For every entry below, give it back exactly and leave out any image.

-- RAW DATA follows --

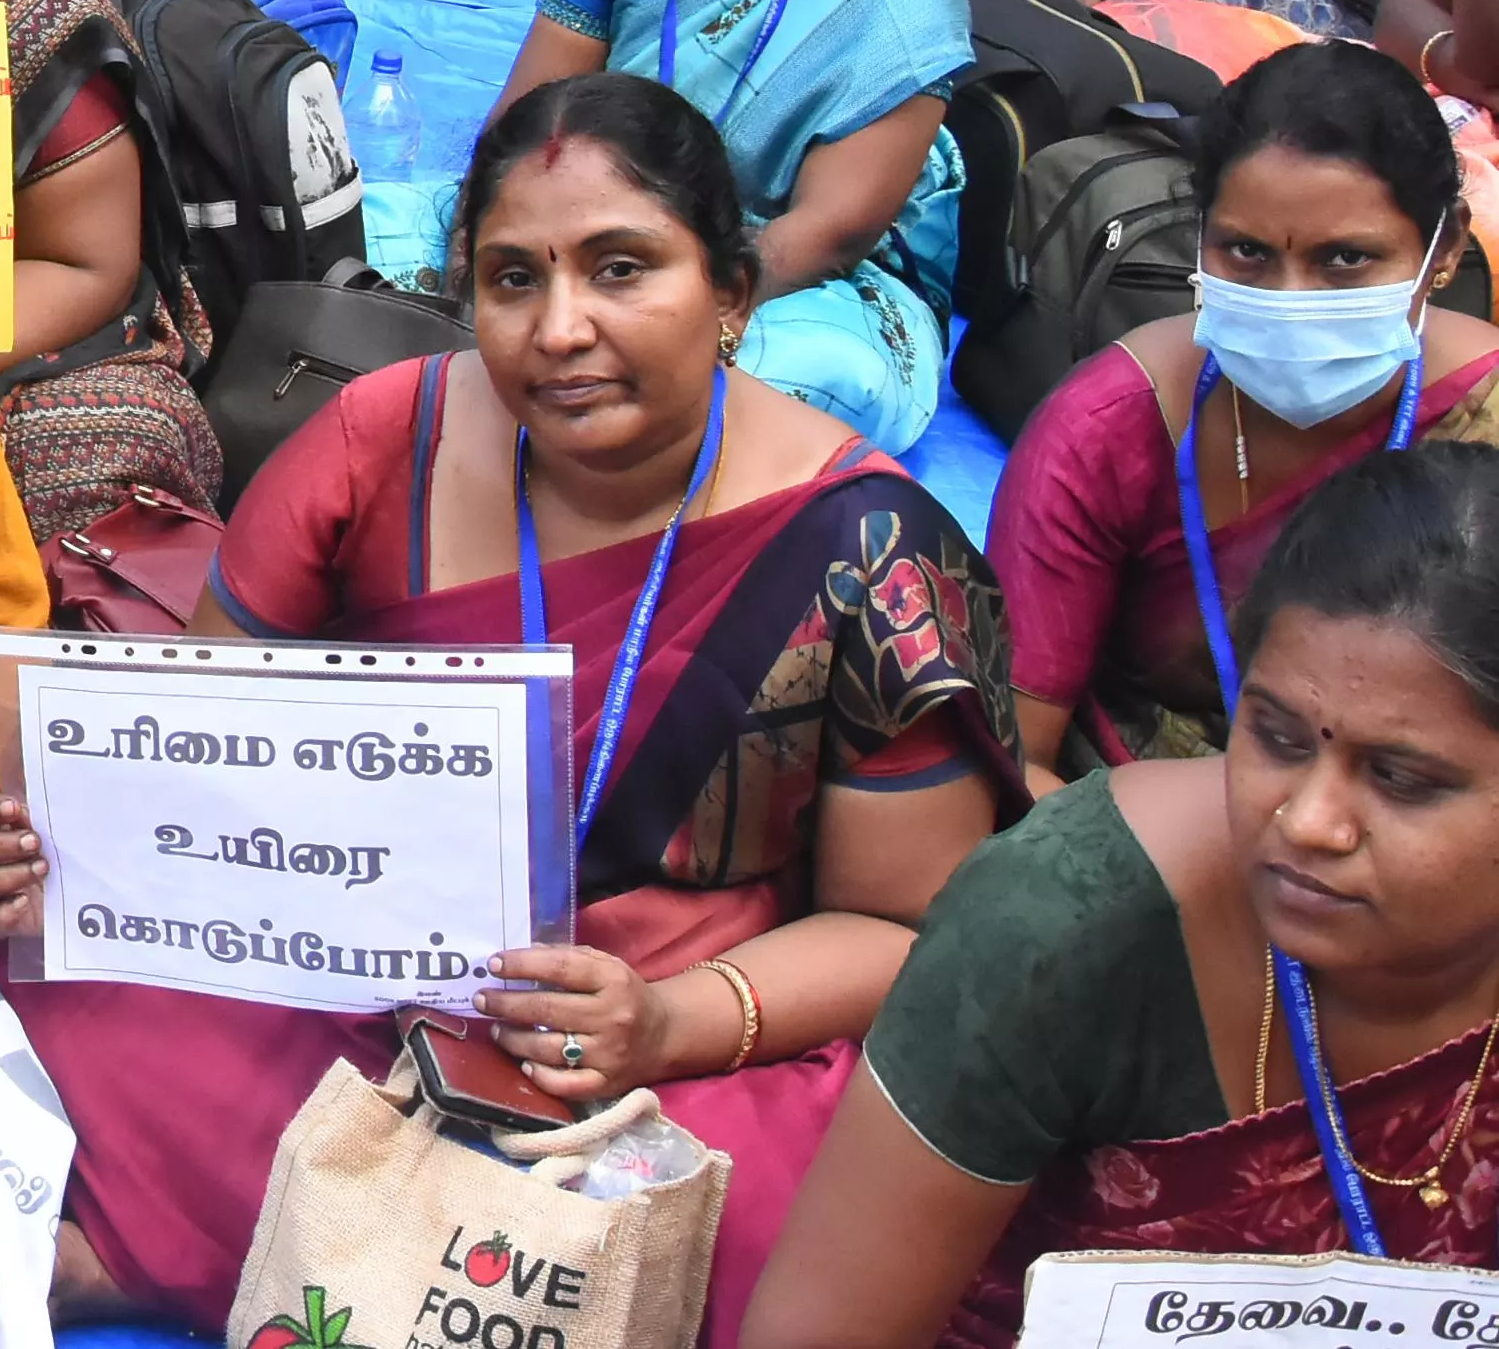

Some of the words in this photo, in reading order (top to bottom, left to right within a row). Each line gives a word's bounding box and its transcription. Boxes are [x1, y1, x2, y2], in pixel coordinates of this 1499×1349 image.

[47, 714, 276, 768] உரிமை
[293, 722, 494, 782] எடுக்க
[154, 823, 391, 890] உயிரை
[77, 902, 490, 981] கொடுப்போம்.
[1145, 1290, 1406, 1345] தேவை..
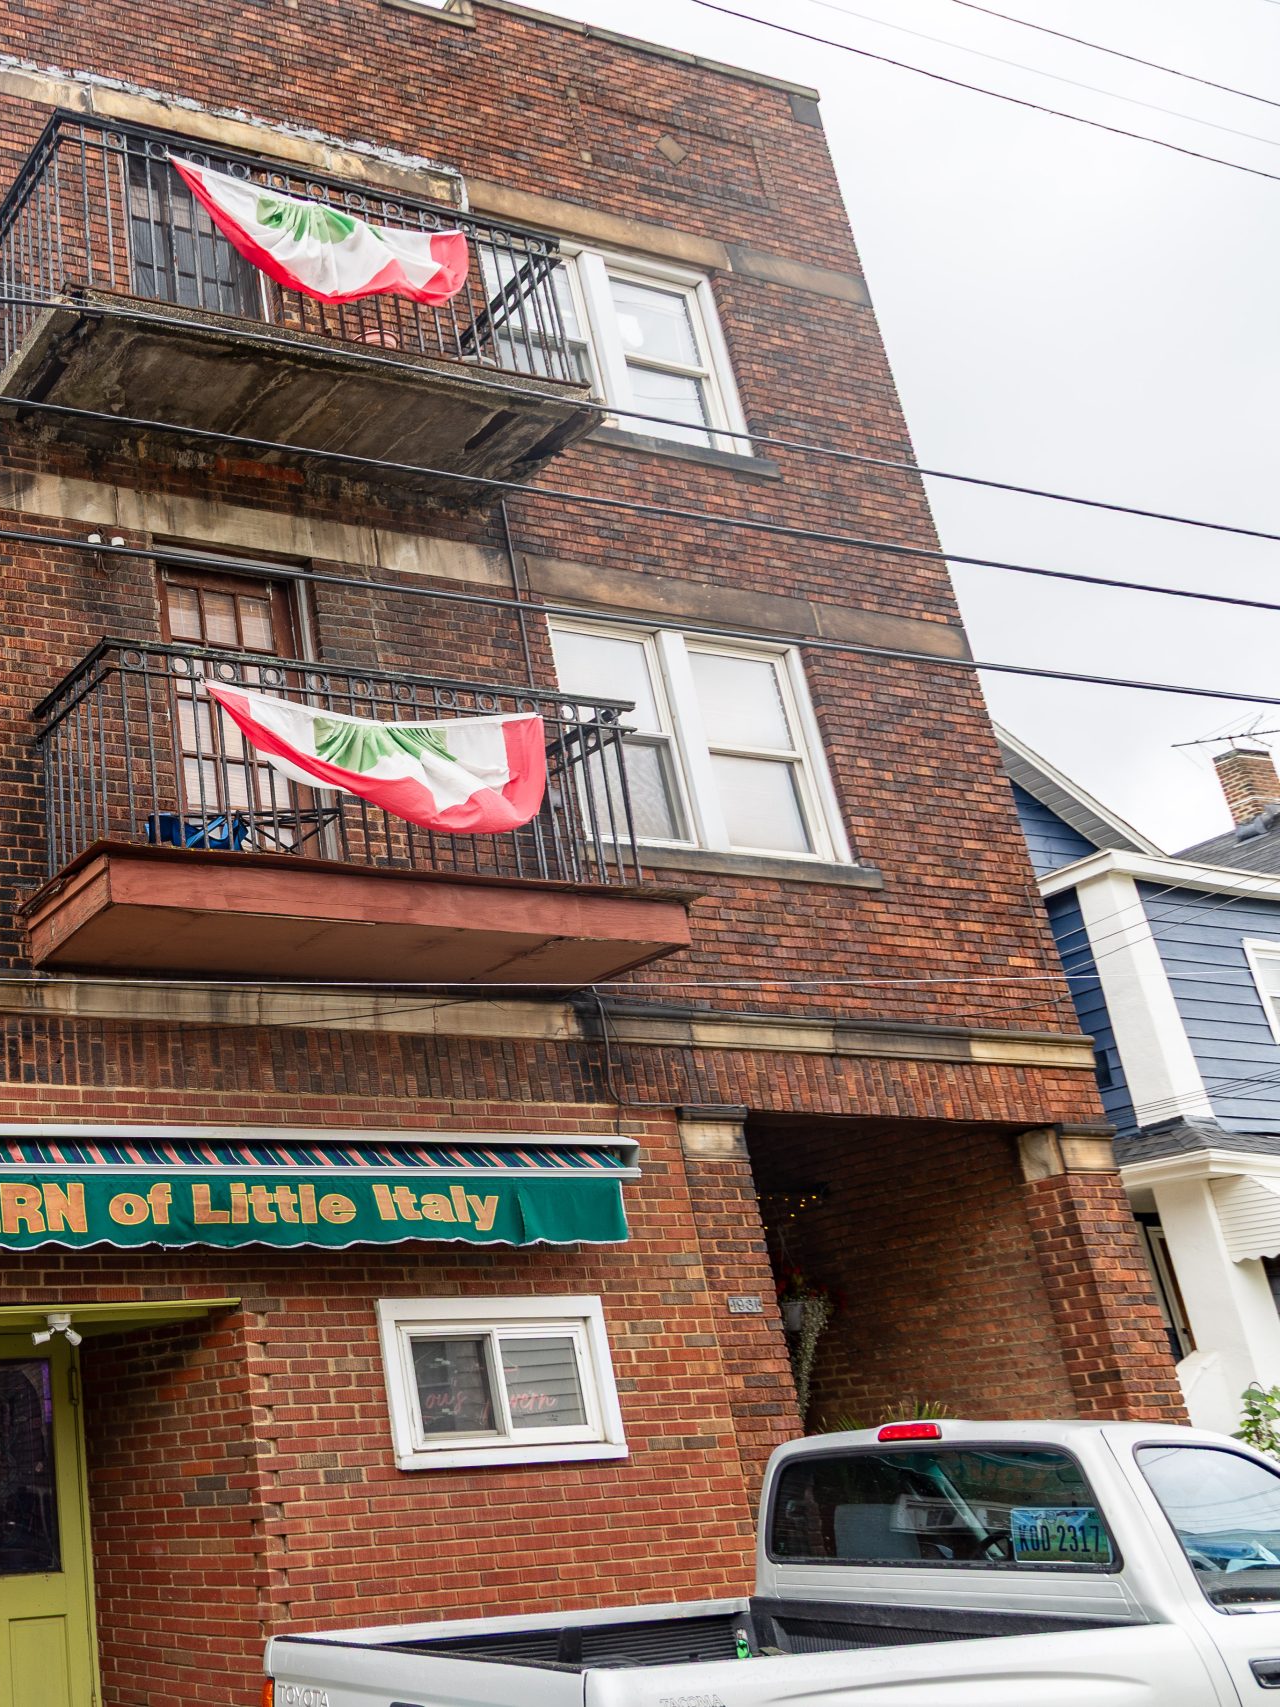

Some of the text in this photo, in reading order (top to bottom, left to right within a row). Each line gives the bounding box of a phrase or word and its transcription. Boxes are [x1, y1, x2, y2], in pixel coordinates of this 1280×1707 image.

[108, 1182, 173, 1226] of
[191, 1182, 357, 1226] Little
[372, 1183, 500, 1232] Italy
[1056, 1524, 1100, 1553] 2317
[277, 1684, 330, 1707] TOYOTA
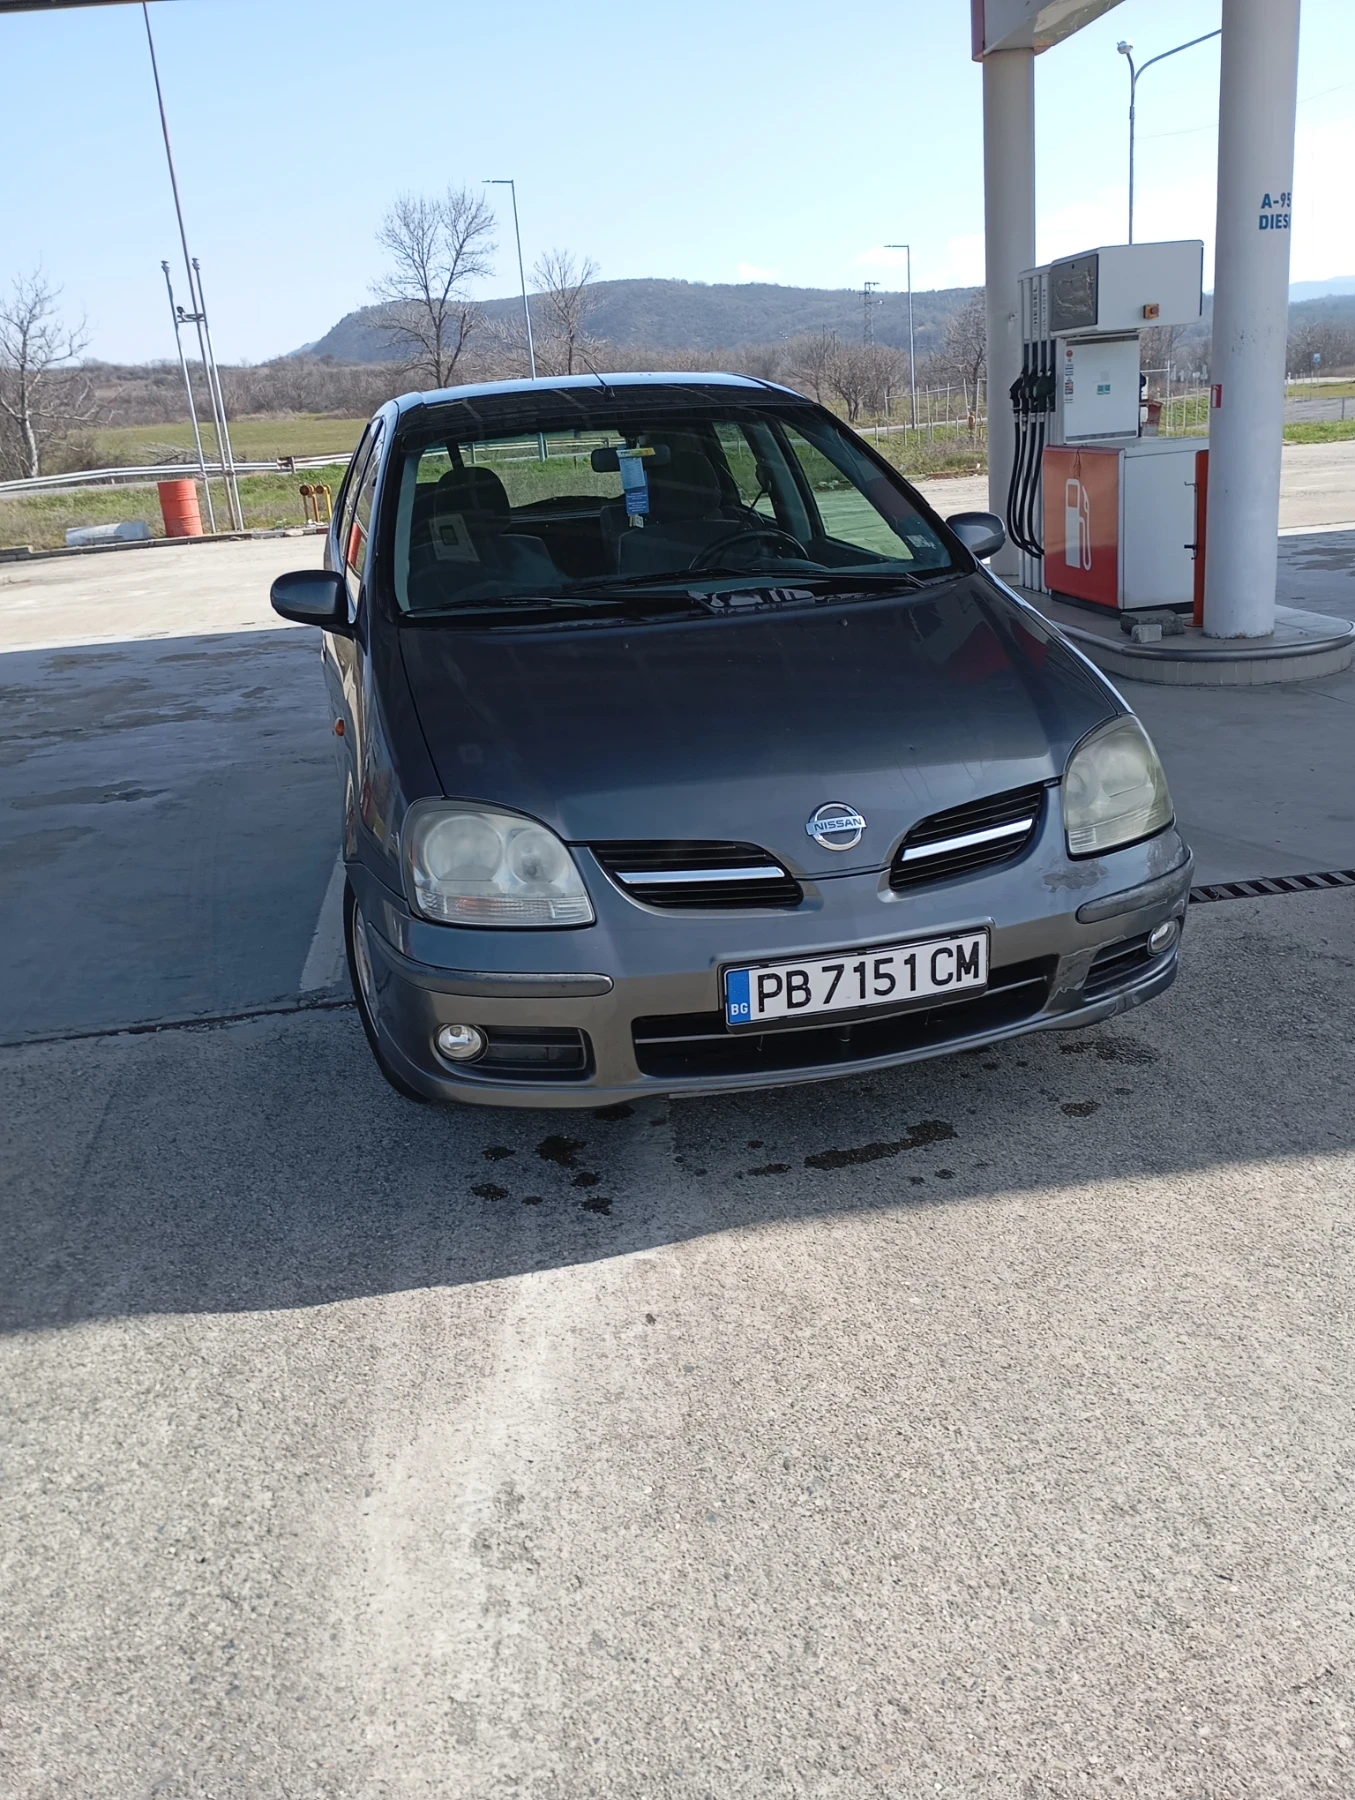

-- RAW DATA concluded --

## ANSWER FOR THIS EXERCISE
Some of the words in this photo, in reading order (top to bottom, left to right within a row). Each line gives a word's bounding box and its transcription. Boxes are [x1, y1, x2, y2], in pixel coordinates of this 1499×1349 image.

[47, 714, 276, 768] உரிமை
[293, 722, 494, 782] எடுக்க
[154, 823, 391, 890] உயிரை
[77, 902, 490, 981] கொடுப்போம்.
[1145, 1290, 1406, 1345] தேவை..

Some of the text in this photo, in reading order (top to bottom, left to right within a row). Each line gives the bounding box of a phrase or word and its transcription. Boxes are [x1, y1, x2, y2], in pixel coordinates of this 1280×1707 image.

[108, 1182, 173, 1226] of
[191, 1182, 357, 1226] Little
[372, 1183, 500, 1232] Italy
[1056, 1524, 1100, 1553] 2317
[277, 1684, 330, 1707] TOYOTA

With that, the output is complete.